This phenomenon led to the first outcries against video games by groups of concerned adults, who felt that the content of video games was a corrupting influence on children. In the case of Space Invaders, the issue was not usually the highly abstract and stylized violence, but with the fact that the game could not be "won" in any familiar sense. As framed by the critics, the player is powerless to do more than to delay an inevitable defeat. They suggested that the game taught an unwholesome life lesson, inculcated defeatism, and possibly was intended to put the United States at a disadvantage in its economic rivalry with Japan by undermining the competitive spirit of American youth. In Japan, Space Invaders caused a coin shortage until the Yen supply was quadrupled[2].


Space Invaders became very popular in part due to its new style of gameplay. Up until its release, video games were timed to a clock, and once a player's time was up (plus possible bonus time), the game ended. With Space Invaders, the game ended only when the player had exhausted the three allotted "lives" or when the invaders landed on the bottom of the screen: a person could therefore play for as long as their skill level allowed.

Later releases

File:Space invaders gba screenshots.png
Screenshot of Space Invaders on the GBA. Top: normal mode; bottom: classic mode.

The home version of Space Invaders for the Atari 2600 was a huge success. Not only did it capture the look and feel of the original arcade version, but it also offered 112 different versions of the game. Variations included invisible invaders, invisible missiles and other subtle alterations. It was the first video arcade adaptation for the Atari 2600 system. The console had been released in 1977, but sales of the 2600 skyrocketed during the 1980 holiday shopping season, as millions of families bought the Atari system just so that they could play Space Invaders. This marked the beginning of home video adaptations of popular arcade games (some of which were less than successful).

Space Invaders spawned a large number of imitators, as other video game manufacturers sought to cash in on its successful formula, and released many arcade games featuring variations of the same theme: attacking aliens from outer space. One such example was a game called Pepsi Invaders, made by Atari at the request of Coca-Cola for their Atlanta employees. Taito released several sequels to Space Invaders in the arcades over the years — Space Invaders Part II ("Space Invaders Deluxe") (1979), Return of the Invaders (1985), Majestic Twelve: The Space Invaders Part IV ("Super Space Invaders '91") (1990), Space Invaders DX (1994), and Akkan-vaders ("Space Invaders '95: The Attack Of The Lunar Loonies") (1995).

The release of Pac-Man in 1980 broke the mold of "alien invader" games, and it opened the way for more creativity and originality in the video gaming industry.
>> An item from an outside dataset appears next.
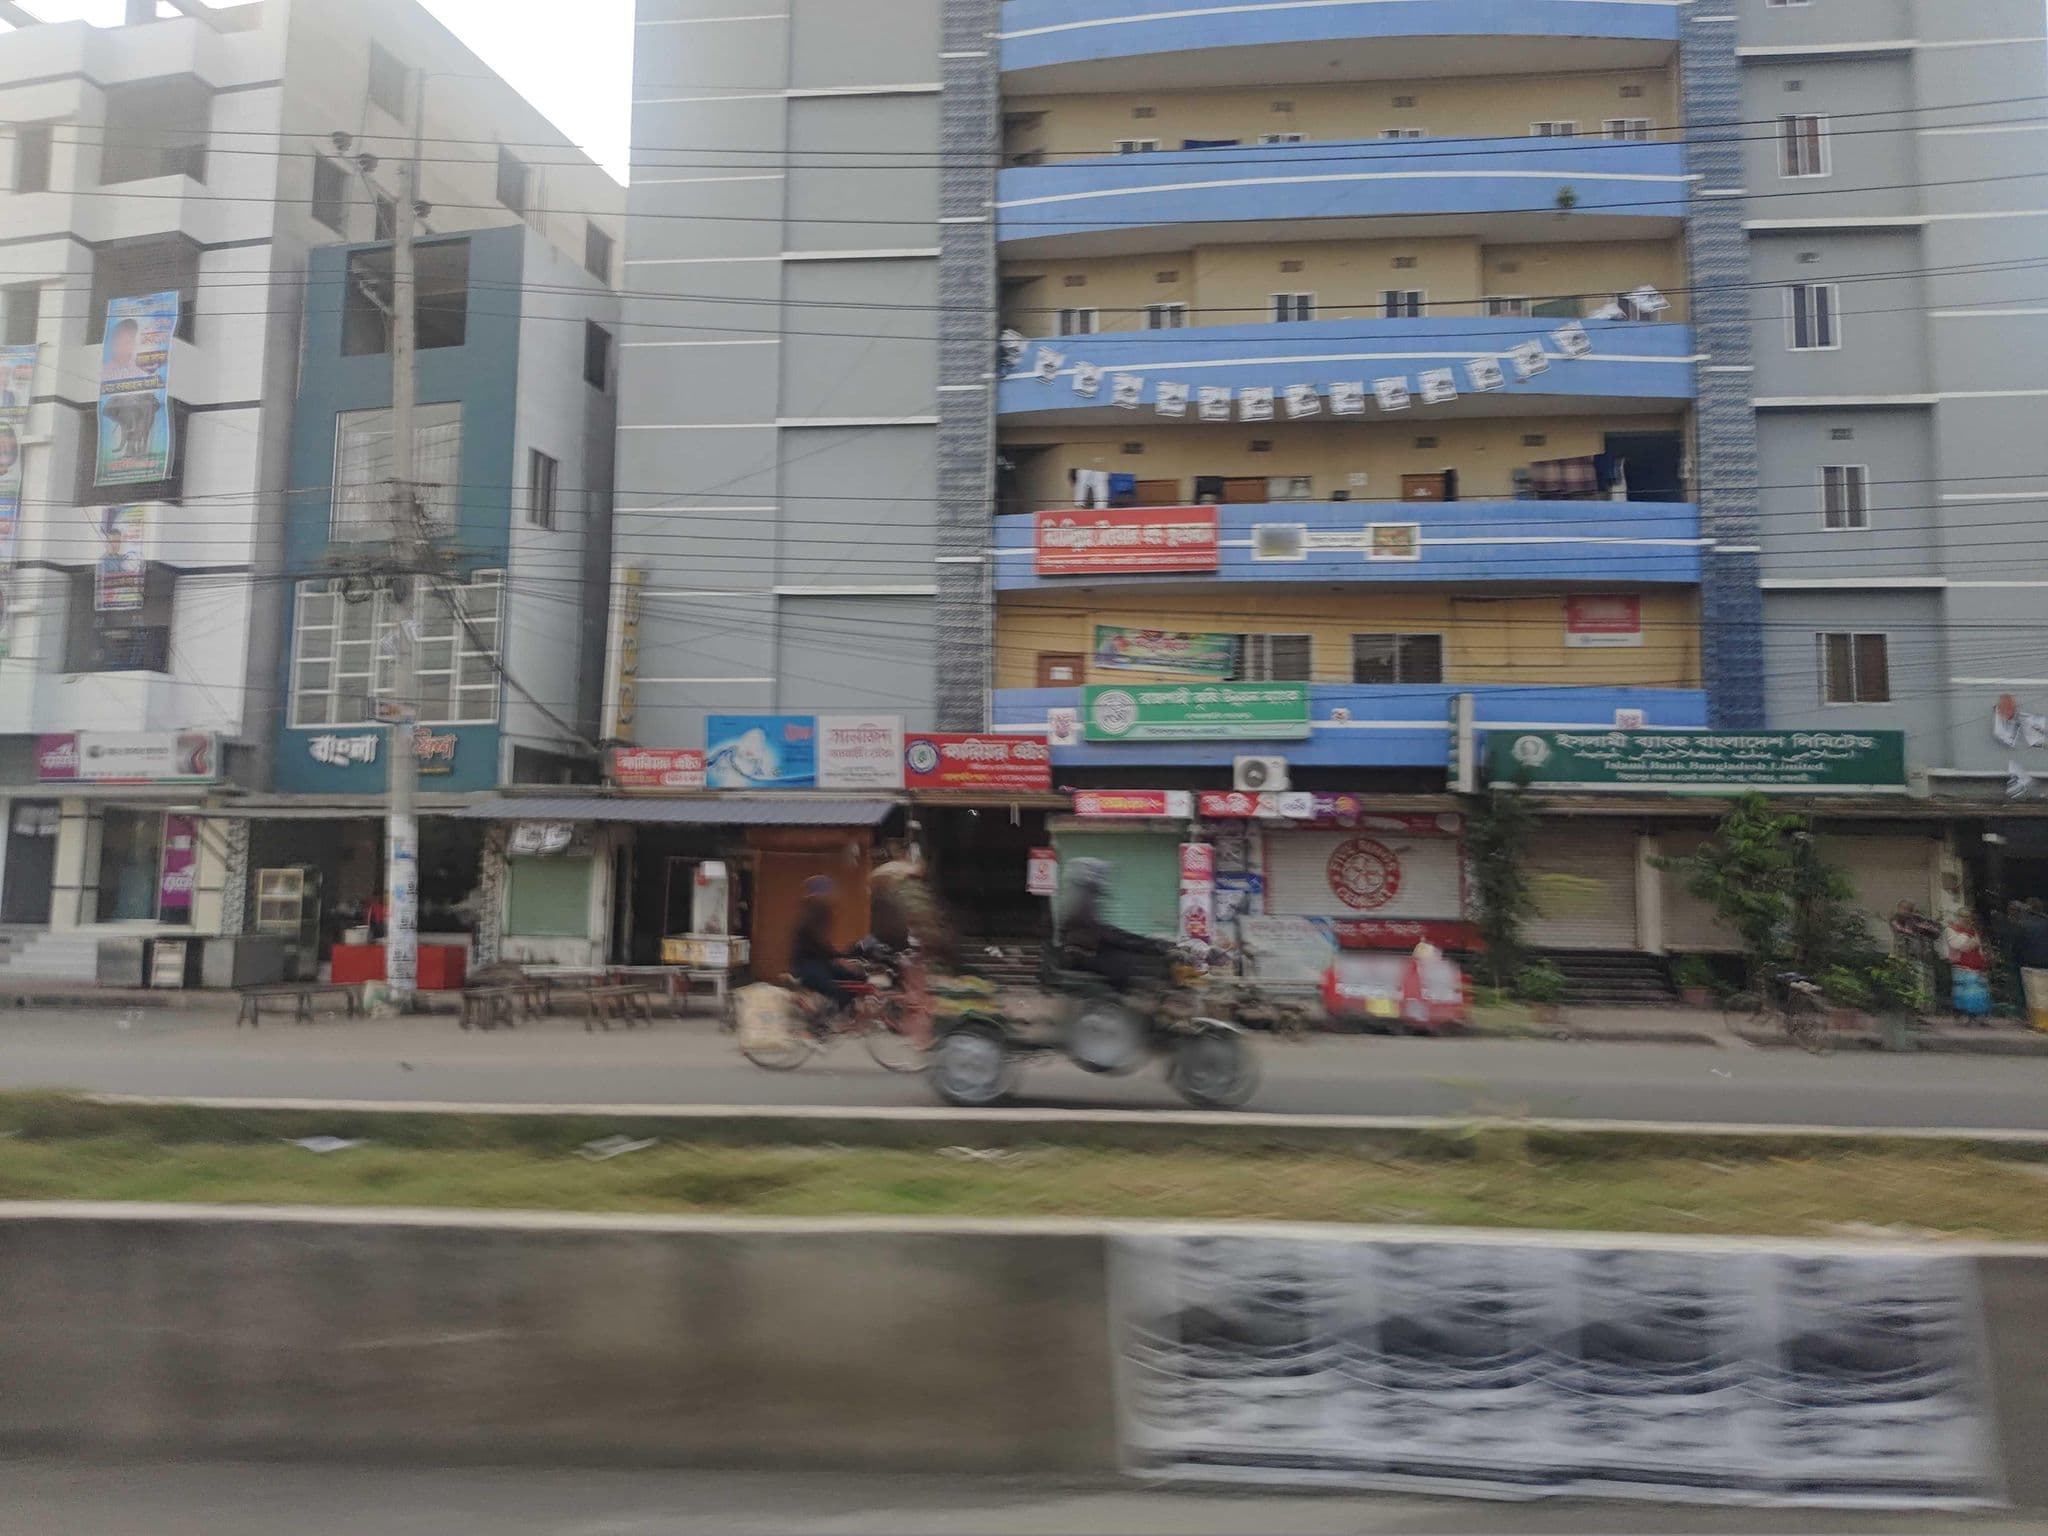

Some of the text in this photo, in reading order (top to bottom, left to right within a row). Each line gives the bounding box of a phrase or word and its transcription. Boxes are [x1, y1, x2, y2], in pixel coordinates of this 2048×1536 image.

[1555, 732, 1875, 750] ইসলামী ব্যাংক বাংলাদেশ লিমিটেড
[307, 734, 379, 767] বাংলা
[1604, 761, 1825, 771] Islami Bank Bangladesh Limited
But the legacy of Space Invaders lives on, and action-based science fiction games continue to pay homage to the original shoot-em-up video game.

Enemies based on Space Invaders also appeared in Bubble Bobble games. To top it off, Bubble Symphony featured both a giant Space Invader guarded by aliens who move just like in Space Invaders as a boss and cameo appearances by the player controlled spaceship as a companion for the main characters.

Super Space Invaders was a Space Invaders clone for a range of systems including the Amiga, Master System and Super Nintendo Entertainment System featuring greatly upgraded graphics and sound, along with additions to the gameplay such as power-ups and advanced forms of aliens. Despite this, it was given average reviews at best, and sold very poorly.

Space Raiders (Space Invaders: Invasion Day in Europe) was released in 2001 and is a 3D version of space invaders. Rather than a laser at the bottom shooting up, the player is a human shooting forward at aliens in the street: a prime example of how much games have changed over the years.

Space Invaders, Space Invaders Part II, and Return of the Invaders were re-released in October 2005 as part of Taito Legends for the PlayStation 2, Xbox, and PC.

Street art

An Invader mosaic seen in Avignon.

Space Invaders has also inspired a form of street art, championed in particular by a French artist named "Invader". He is anonymous. Using ceramic tiles, Invader cements together mosaic images inspired of traditional Space Invaders aliens, bonus spaceships, and variations on those themes, sometimes including characters from the Pac-Man series and other video games. Most of the mosaics tiles are small and others are as large as murals. The mosaics are cemented onto building walls, lamp post bases, and other structures. The form has spread throughout the world since the 1990s, among more than 30 cities over 5 continents, Invader is still in activity. Some of the thousands of individual Invaders have been documented with photographs on Invader's website.

Songs Inspired by Space Invaders

In 1979, a group of Australian performers calling themselves Player (1) released a song entitled "Space Invaders", using sound effects from the game. Player (1) never put out an album, but this song can be found on a few 1980fixs collections. It was also released as a 7" record in Australia only, backed with a second possibly-releated song entitled "A Strange Glow in the Sky".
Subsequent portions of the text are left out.